Her name is Mary. She is an eighteen-year-old Rwandan teenager, whose smile brings sunshine to the cloudiest of days. A friend brought her to the center to register for English classes during my second week in Kampala. The only English word she knew was hello. Even though I taught the Beginner’s English Class, all of my students had at least a basic foundation of grammar and conversational phrases.

I decided to privately tutor Mary twice a week in order to catch her up with the other students. She worked really hard over the next several weeks to learn the alphabet, days of the week, and basic conversational phrases. Whenever we would start class, she was always incredibly excited to practice the words she had learned. She would say with joy and excitement “My name is Mary! I am from Rwanda! Today is Wednesday!” We had profoundly connected, through mutual loving action. Although this connection was established, I knew very little about her.

One day as I was writing our practice exercises on the board, Mary was flipping through her notebook. I noticed that she had what looked like an essay on a few of the pages. I smiled as I told her that I was proud that she had written so much. But as she looked up at me, a sullen look overtook her face.

She handed me a letter that was addressed to me . . . written in English. It said:

Dear Missy,
This is Mary, your student. I asked someone to write to you because I cannot know how to tell it to you in English. The first of all I would like to kindly ask you to bear with me and read my long story. Here I start:
I was born in of the camps in Democratic Republic of Congo (Mary’s parents were amongst the thousands of Rwandan Hutu refugees who fled to DRC after the genocide). When the 1996 war started, my parents tried to run. I was about three years old. That is what people who found me in the bush where my mom left me told me. Since then, I have been living in the forest near Walikau with the family who took me in. I have never been lucky in that forest. We used to live in fear and despair because men came anytime they want. They take one of the girls or women, and then raped us. I have seen the worst. It is just four months ago when one of the families sent some money and someone to take us from the forest. When we reached Kampala, they told me that they have to go on with their journey to Europe and can’t take me with them. I sat on the floor near the bus and started crying. But, God sent a woman to ask me why I was crying. I told her my story. She took me home with her till now. She told me that I must find a way of living because she also doesn’t have a job. She depends on her husband.
So dear Missy, help me with prayer or any other means so that I can have a stable life. I need God to help me find shelter, food and all the basics in life. When I can find a chance to study I want to be fruitful to the society that I live in. My story does not end here, but I tried to make it short. Wednesday I will come for the last lesson because the family which are relocating to _____. I don’t know where it is but I think it is far. I can’t make it to school. I will always be grateful for your kindness, tenderness and generosity. May God almighty be with you? I love you.

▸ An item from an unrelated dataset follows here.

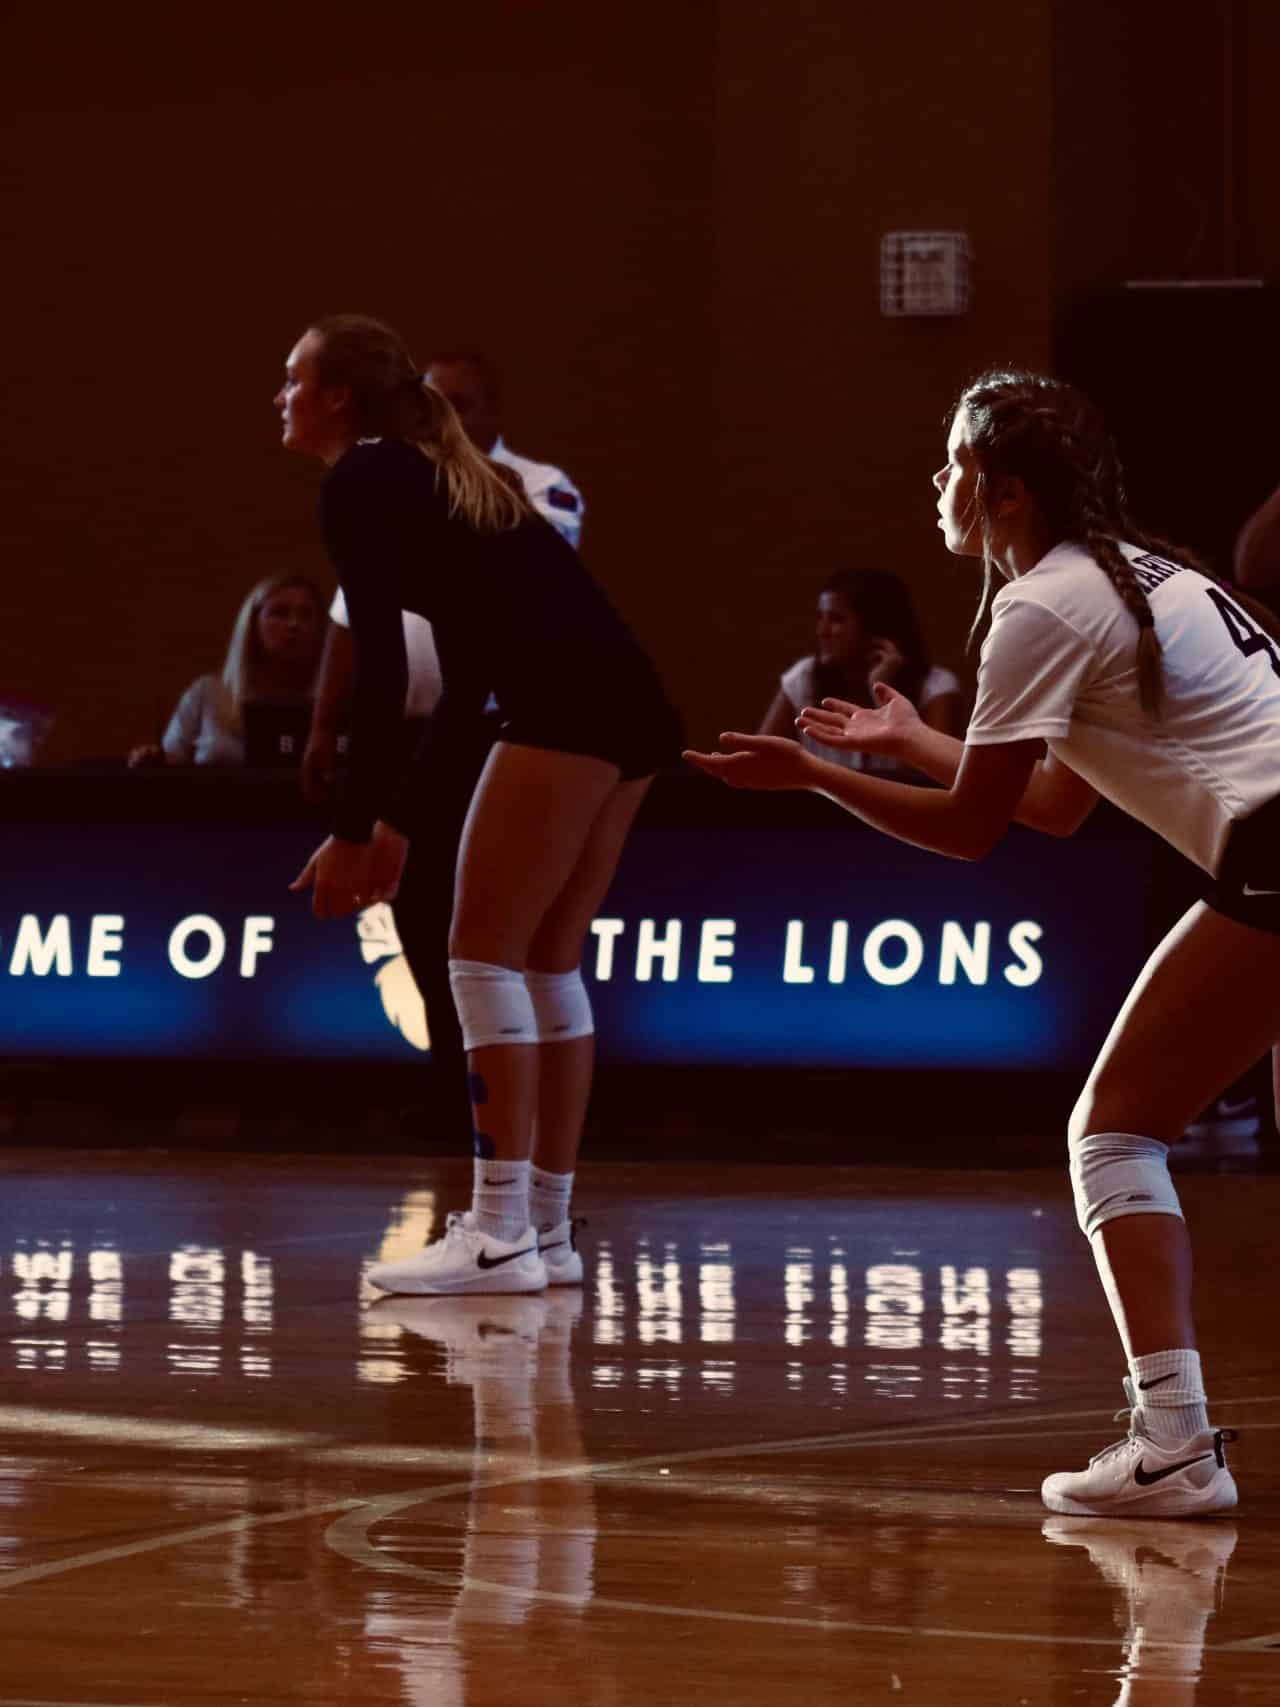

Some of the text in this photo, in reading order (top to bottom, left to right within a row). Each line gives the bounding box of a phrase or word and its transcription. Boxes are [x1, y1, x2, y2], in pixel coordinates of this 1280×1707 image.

[0, 914, 1044, 988] ME OF THE LIONS
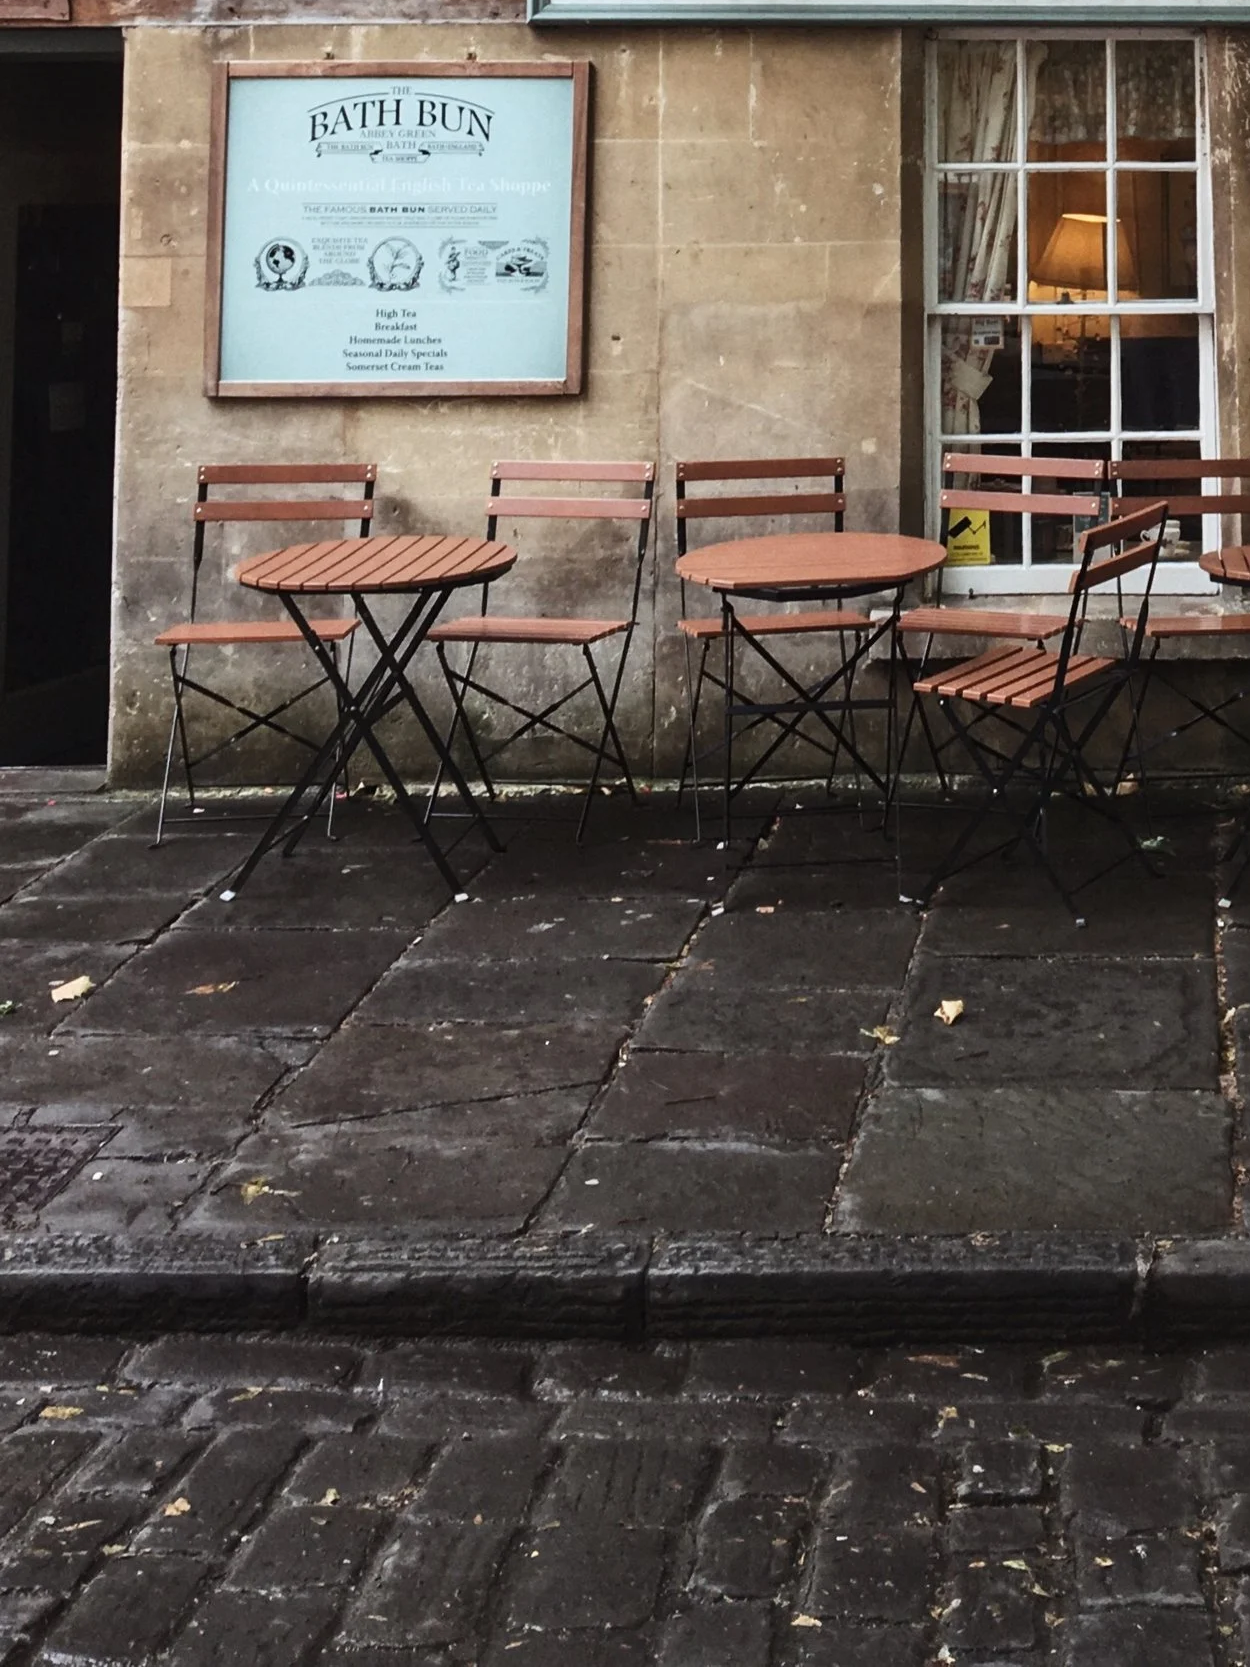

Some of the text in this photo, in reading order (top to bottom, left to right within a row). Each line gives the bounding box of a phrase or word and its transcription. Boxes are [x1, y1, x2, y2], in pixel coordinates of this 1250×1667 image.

After reading this letter, with her hand in mine, we sat together and cried. I was actually grateful to God for the language barrier that existed between us. It prevented me form attempting to say something to make her feel better. The truth is there is nothing I could have said that would take the terrible memories or pain away. What she really needed in that moment was a friend by her side to listen, take her hand, wipe her tears and pray for her.

Gregory Smith, a Jesuit priest who assisted Sudanese refugees in Northern Uganda, described this loss of words as the following: “to preach to this sea of suffering is like learning how to talk again. Herein lies the sobering truth: I am free when I am out of control and when I get out of the way.” It was in moments of listening to the heartbreaking stories of students like Mary that I learned how to talk again and let go of comforts and preconceived notions. I learned how to let go in order to have a deeper trust and reliance on God—who created Mary, loves her, and has the power to bring healing and transformation in her life.

God has placed a passion on my heart to assist the many Marys in our world, female refugees who have experienced sexual assault, trafficking, and domestic violence. My student is one of millions of women throughout the world for whom political instability, violence and vulnerability are a daily reality. Will you join me in praying for these precious sisters and daughters in Christ?

Missy Ward is a student at McAfee School of Theology, Atlanta, Georgia.